Ci si può fidare delle ricerche in lattina?
9 gennaio 2007I grandi marchi dell’alimentazione sono sempre più sensibili a quello che l’Economist chiama in un recente servizio il wellness (benessere), avendo intuito che il salutismo, oltre a essere eticamente lodevole, paga anche. Contemporaneamente sono sempre più attivi nella produzione di ricerche tese a individuare le correlazioni esistenti tra consumo di cibo e bevande ed effetti collaterali sulla salute. Ma l’inevitabile occhio di riguardo nei confronti del marketing non sempre garantisce l’obiettività.Ne parla il Corriere.it, in un articolo firmato da Emanuela Di Pasqua, citando un’indagine del giornale medico online Plos Medicine, condotta su 206 articoli comparsi su riviste del settore.
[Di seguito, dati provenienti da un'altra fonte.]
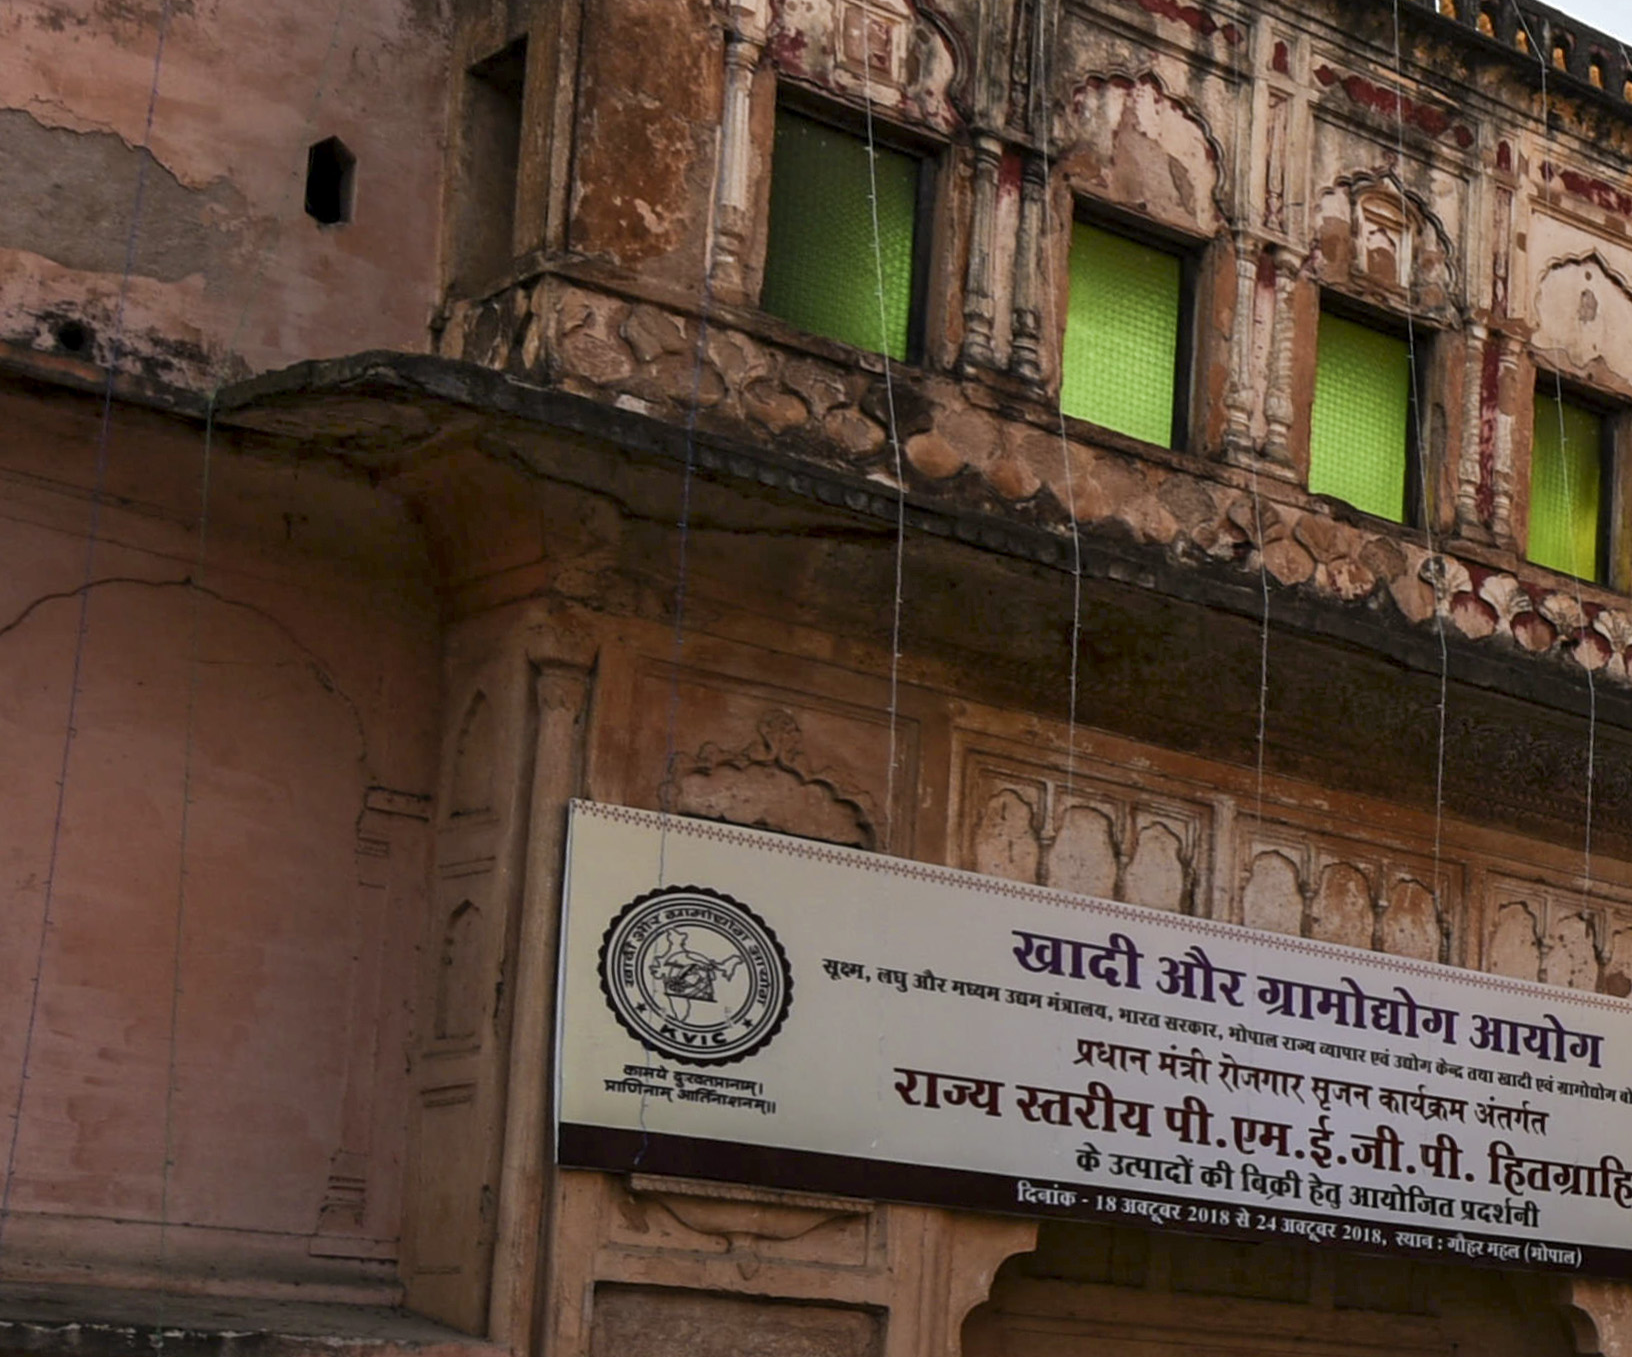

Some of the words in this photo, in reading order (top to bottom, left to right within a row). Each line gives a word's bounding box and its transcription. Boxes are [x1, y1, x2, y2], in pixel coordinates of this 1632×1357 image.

Indagine che ha rivelato che più della metà delle pubblicazioni erano basate su studi in parte o del tutto sponsorizzati dalle industrie produttrici di bibite, succhi di frutta e latte. Inoltre le conclusioni alle quali giungevano erano da quattro a otto volte più portate a non individuare controindicazioni al consumo rispetto alle indagini indipendenti. Questo genere di analisi mette in luce il crescente criticismo nei confronti dei prodotti alimentari a larga diffusione, soprattutto in relazione al montante e diffuso problema dell’obesità. La spiegazione di queste differenze di lettura può essere spiegata in vari modi e senza allarmismi, ma certamente evidenzia come una ricerca indipendente risulterebbe decisamente più credibile. Inoltre i costi di una maggiore sorveglianza governativa verrebbero ammortizzati dal risparmio generato in termini di salute pubblica.
E’ comunque indubbio che avere come committenti delle ricerche le aziende produttrici degli alimenti metta i ricercatori in una posizione compromettente e di difficile gestione. A titolo di esempio, studi sponsorizzati da industrie del latte statunitensi e australiane hanno evidenziato l’effetto benefico della bevanda sulla massa ossea, sottolineandone l’elevato potere nutritivo. Una ricerca commissionata da un noto marchio di succhi di frutta, giunge alla conclusione che l’assunzione di succo d’arancia migliori i livelli di grassi nel sangue. Infine viene smentita qualunque correlazione tra la disidratazione e l’uso di caffè o cola in un’indagine sovvenzionata da uno dei produttori di questo tipo di bibite. Diversamente ricerche indipendenti hanno individuato effetti preventivi del latte nella frattura del bacino, nel diabete e nel cancro decisamente modesti, rischio di calcoli renali legati al consumo di cola e una stretta correlazione tra obesità e bibite zuccherate.